Contrario a lo que podría esperarse, el Manchester United no salió con un equipo de suplentes. Jugadores de la talla de André Onana, Diogo Dalot, Harry Maguire, Manuel Ugarte y Matheus Cunha fueron parte de la alineación que quedó marcada en los libros de historia del Blundell Park, el modesto estadio del Grimsby. A pesar de contar con este once de figuras, el equipo no pudo evitar una actuación desastrosa. El Grimsby, cuarto en su liga, se puso merecidamente 2-0 arriba en el minuto 75, con goles de Charles Vernam y Tyrell Warren, este último marcado con la mano y sin VAR para revisarlo.

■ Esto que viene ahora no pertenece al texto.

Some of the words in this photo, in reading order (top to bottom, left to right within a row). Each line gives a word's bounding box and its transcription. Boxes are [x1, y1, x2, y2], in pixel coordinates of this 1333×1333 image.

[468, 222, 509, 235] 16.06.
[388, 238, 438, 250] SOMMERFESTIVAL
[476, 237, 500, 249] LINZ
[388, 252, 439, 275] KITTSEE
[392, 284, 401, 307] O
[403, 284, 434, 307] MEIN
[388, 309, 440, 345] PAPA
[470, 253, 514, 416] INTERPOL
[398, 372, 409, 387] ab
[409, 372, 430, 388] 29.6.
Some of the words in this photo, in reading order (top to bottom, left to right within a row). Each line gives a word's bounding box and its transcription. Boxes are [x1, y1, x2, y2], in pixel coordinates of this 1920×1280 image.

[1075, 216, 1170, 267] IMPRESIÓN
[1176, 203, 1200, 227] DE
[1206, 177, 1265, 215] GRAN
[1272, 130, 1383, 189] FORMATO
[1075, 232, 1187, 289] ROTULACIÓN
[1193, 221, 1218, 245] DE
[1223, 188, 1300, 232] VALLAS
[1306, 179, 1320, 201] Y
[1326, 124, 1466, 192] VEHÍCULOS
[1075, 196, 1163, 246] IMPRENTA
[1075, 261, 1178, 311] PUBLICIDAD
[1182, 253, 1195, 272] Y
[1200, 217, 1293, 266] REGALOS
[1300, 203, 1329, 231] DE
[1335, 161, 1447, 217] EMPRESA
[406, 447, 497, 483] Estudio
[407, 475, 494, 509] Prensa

Con la cara desencajada, el entrenador Amorim veía cómo su equipo, que venía de una racha negativa, se hundía. El Grimsby perdonó el 3-0 y fue entonces cuando el United, aprovechando el agotamiento físico de su rival, logró reaccionar. Bryan Mbeumo descontó con un potente disparo desde fuera del área, y Harry Maguire forzó el empate en el minuto 89.

La tanda de penaltis estuvo llena de drama. Después de que André Onana salvará un penalti, Matheus Cunha falló la oportunidad de sellar el partido. La muerte súbita se extendió con doce tiros consecutivos sin error, hasta que Bryan Mbeumo estrelló su disparo en el travesaño. Con este fallo, el Grimsby Town desató el éxtasis en su estadio, provocando una invasión de campo para celebrar una de las noches más importantes en la historia del club.